La crisis iconoclasta tuvo una repercusión evidente en el panorama artístico y cultural de los siglos VIII y IX. En primer lugar, porque se destruyeron prácticamente todas las imágenes realizadas antes de estas fechas, sobreviviendo únicamente aquellas que se conservaban en lugares muy apartados (como el monasterio de Santa Catalina del Sinaí), o en aquellos territorios que ya no formaban parte del imperio bizantino, como es el caso de la parte de la Península Itálica que había formado parte del imperio en época de Justiniano. En otros casos, en lugar de una destrucción completa de las imágenes, se procedió a una censura de las figuras humanas, como es el caso del mosaico de Madaba, en el cual se han eliminado las figuras de los pescadores en las barcas del mar Muerto.
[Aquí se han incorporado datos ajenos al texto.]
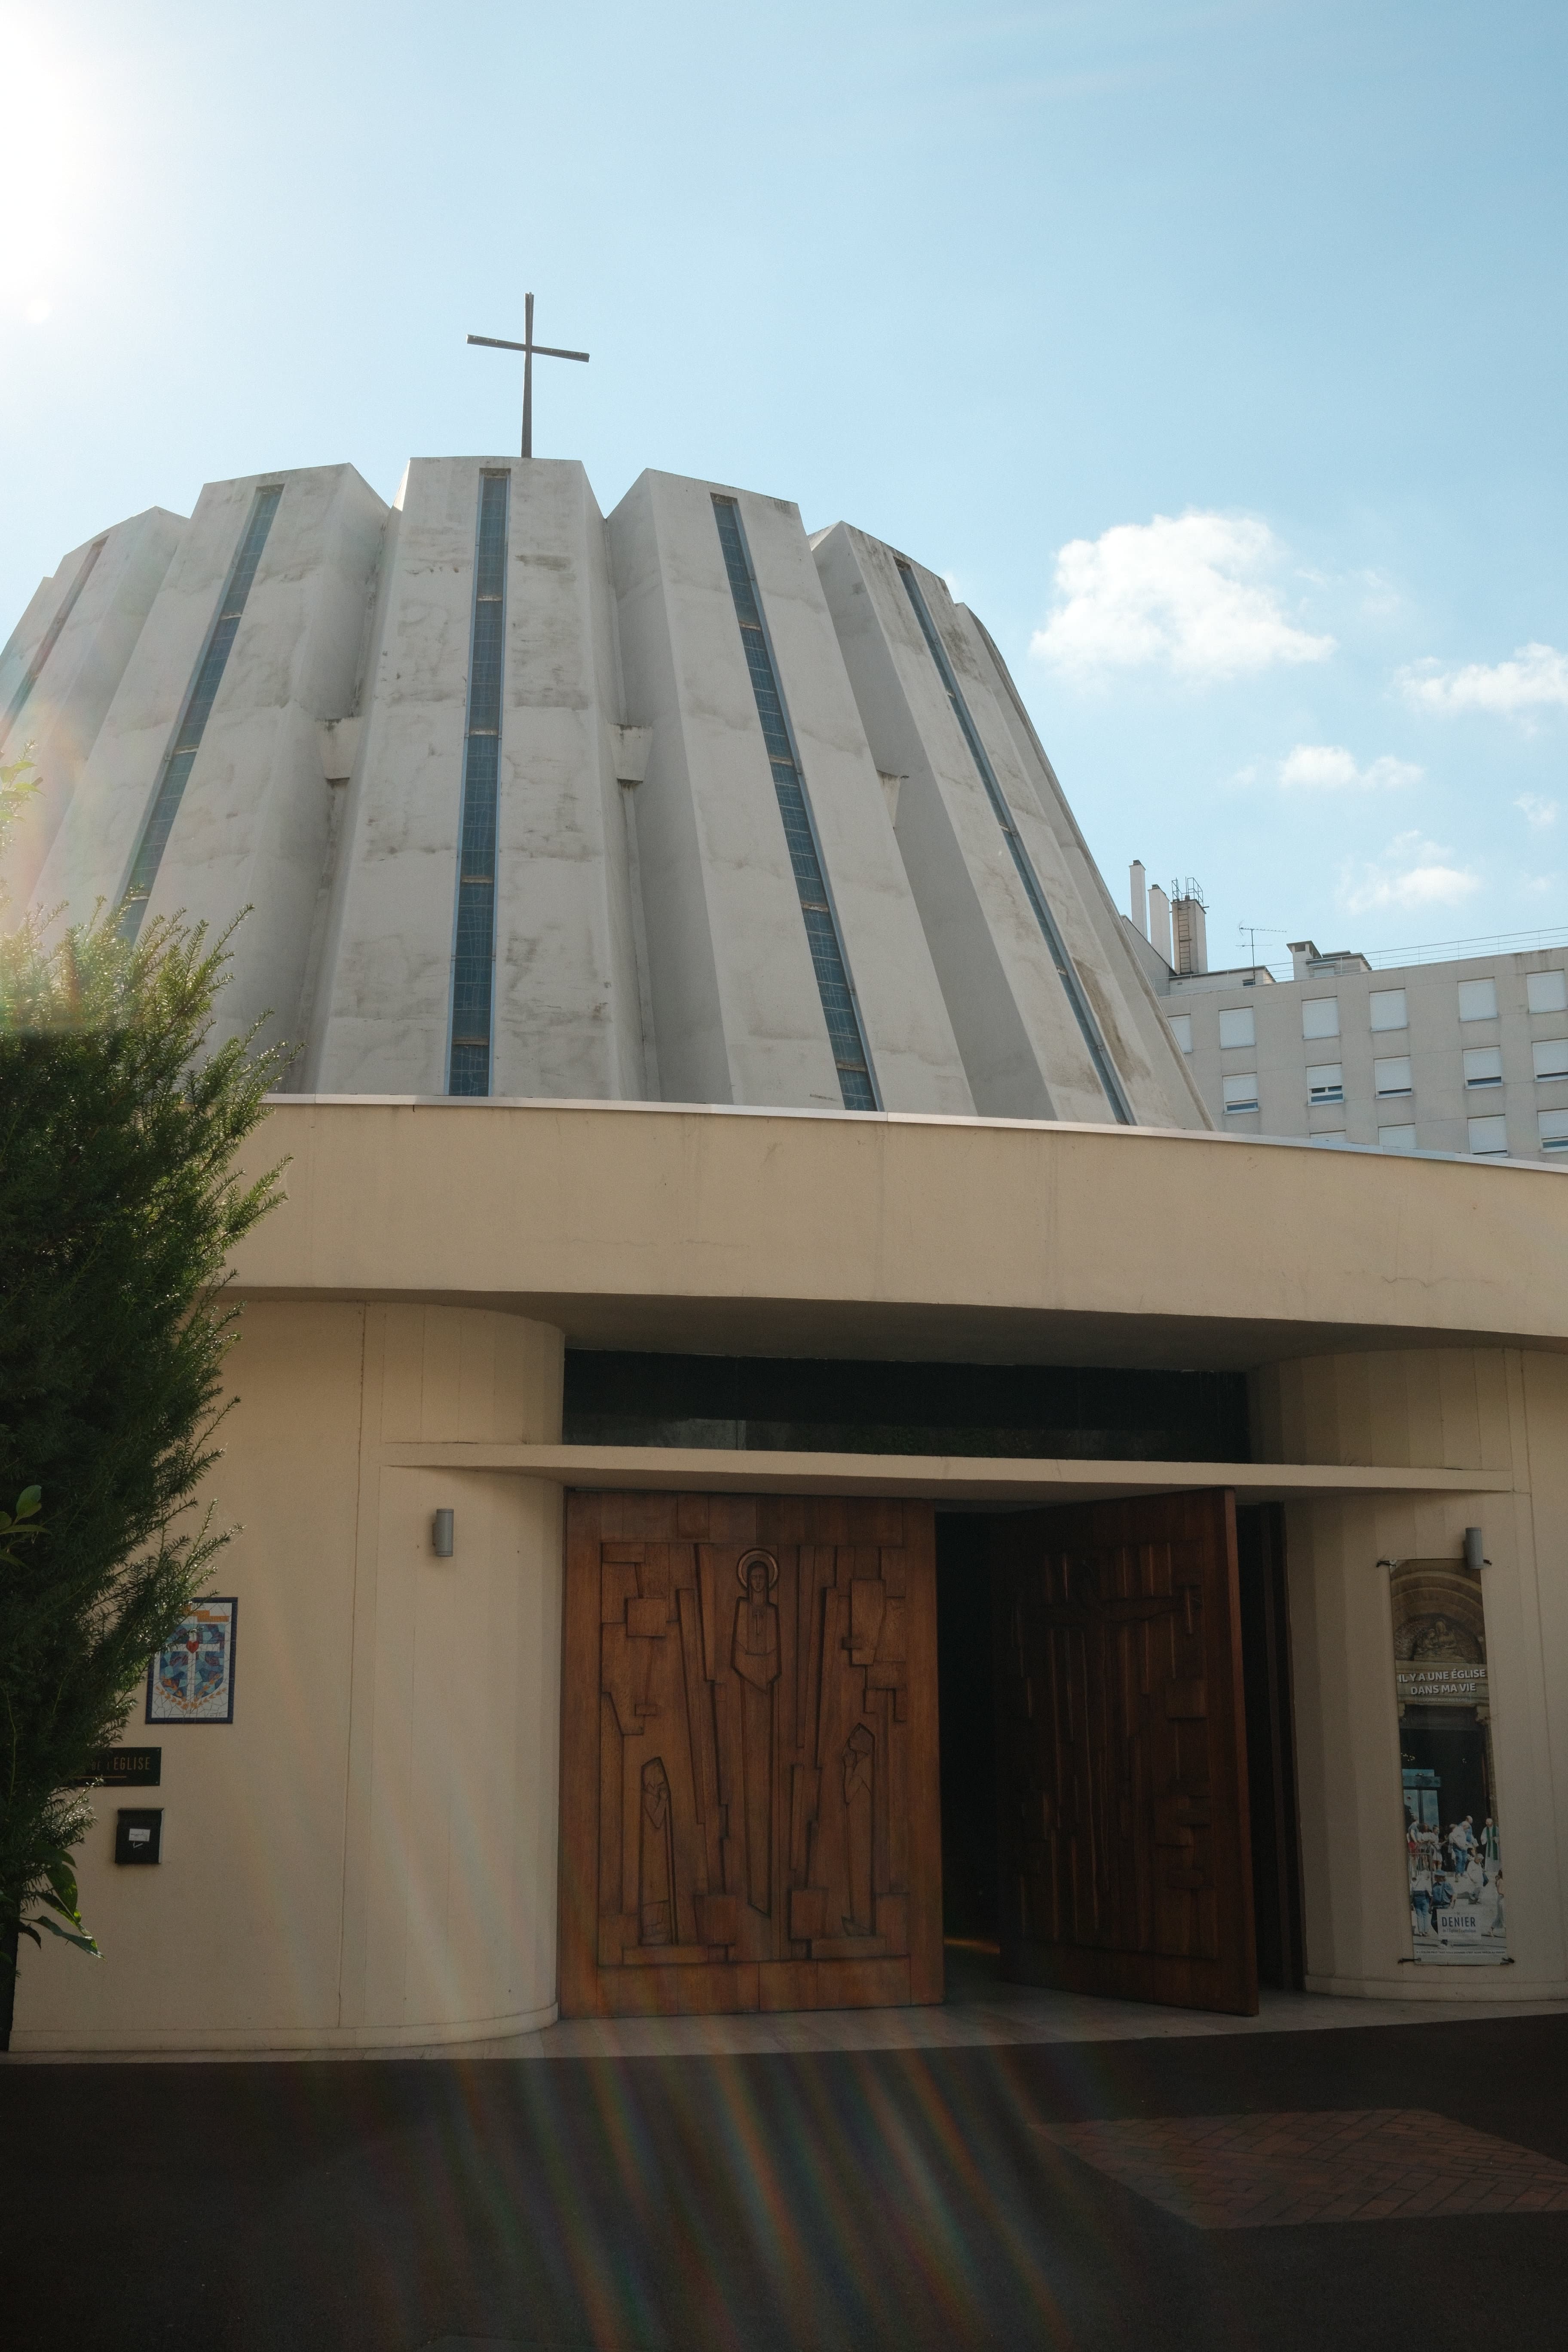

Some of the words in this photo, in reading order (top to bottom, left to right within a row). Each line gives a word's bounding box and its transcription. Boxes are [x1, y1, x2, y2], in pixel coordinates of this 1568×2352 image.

[1399, 1674, 1408, 1682] IL
[1428, 1672, 1449, 1681] UNE
[1451, 1669, 1486, 1679] ÉGLISE
[1410, 1685, 1439, 1695] DANS
[1441, 1684, 1458, 1693] MA
[1460, 1683, 1476, 1692] VIE
[1442, 1917, 1476, 1926] DENIER
En la imagen puede apreciarse (con dificultad, dado que la calidad no es la mejor), cómo las teselas de los pescadores han sido arrancadas y se ha rellenado el hueco, sin figuración.
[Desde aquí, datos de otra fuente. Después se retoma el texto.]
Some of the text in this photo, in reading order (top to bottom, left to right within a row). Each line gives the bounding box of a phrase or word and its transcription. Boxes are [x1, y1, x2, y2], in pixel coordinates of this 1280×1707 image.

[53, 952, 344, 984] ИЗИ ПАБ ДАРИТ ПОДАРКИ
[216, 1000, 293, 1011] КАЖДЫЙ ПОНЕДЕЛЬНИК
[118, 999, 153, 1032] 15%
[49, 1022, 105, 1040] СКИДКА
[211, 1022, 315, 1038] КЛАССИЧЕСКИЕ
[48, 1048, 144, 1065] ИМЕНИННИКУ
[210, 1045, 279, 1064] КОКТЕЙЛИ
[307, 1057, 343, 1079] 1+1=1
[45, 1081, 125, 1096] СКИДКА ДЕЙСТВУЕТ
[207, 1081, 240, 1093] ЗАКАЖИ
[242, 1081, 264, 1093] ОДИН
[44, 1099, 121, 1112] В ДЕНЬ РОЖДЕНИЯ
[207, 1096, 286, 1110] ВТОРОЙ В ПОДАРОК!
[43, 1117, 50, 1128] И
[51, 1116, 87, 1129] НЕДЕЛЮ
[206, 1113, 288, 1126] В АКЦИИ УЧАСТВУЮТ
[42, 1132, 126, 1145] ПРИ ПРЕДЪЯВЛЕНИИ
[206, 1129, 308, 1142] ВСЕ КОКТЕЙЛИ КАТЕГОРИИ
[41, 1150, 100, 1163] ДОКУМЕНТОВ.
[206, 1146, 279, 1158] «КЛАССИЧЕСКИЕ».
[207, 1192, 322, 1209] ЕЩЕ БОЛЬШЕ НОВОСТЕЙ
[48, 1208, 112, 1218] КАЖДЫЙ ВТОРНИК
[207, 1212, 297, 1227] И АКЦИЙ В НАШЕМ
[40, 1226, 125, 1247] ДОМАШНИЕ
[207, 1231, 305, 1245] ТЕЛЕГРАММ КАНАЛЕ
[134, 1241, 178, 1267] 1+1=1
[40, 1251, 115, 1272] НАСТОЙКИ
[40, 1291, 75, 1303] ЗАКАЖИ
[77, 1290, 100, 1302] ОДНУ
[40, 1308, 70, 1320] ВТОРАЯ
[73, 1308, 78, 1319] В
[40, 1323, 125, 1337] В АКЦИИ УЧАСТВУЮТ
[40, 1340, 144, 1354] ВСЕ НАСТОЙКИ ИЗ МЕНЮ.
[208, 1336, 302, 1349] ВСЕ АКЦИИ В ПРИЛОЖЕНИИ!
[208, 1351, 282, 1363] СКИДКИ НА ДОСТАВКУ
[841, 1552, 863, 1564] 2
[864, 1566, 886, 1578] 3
Por otro lado, se generalizó un nuevo repertorio, un nuevo lenguaje para la decoración devocional de edificios religiosos. Este nuevo repertorio, tremendamente simbólico, no resultaba novedoso dentro del mundo bizantino, donde siempre había tenido lugar el uso de los símbolos de una manera mucho más profusa que en Occidente (buen ejemplo de ello son, sin ir más lejos, las advocaciones de las grandes obras de Constantinopla: Santa Sofía y Santa Irene, dos iglesias dedicadas no a personajes reales, sino a conceptos, a la Sabiduría y a la Paz divinas, algo que en Occidente hubiera sido inimaginable), sin embargo, sí que se alcanza ahora una simplificación mayor.

San Apolinar in Classe, levantada en el siglo VI en la localidad de Classe, puerto histórico de Rávena

Aquí, sin embargo, la cruz ya es mucho más simple y menos ornamentada, aun tratándose de una de las iglesias más importantes de Constantinopla.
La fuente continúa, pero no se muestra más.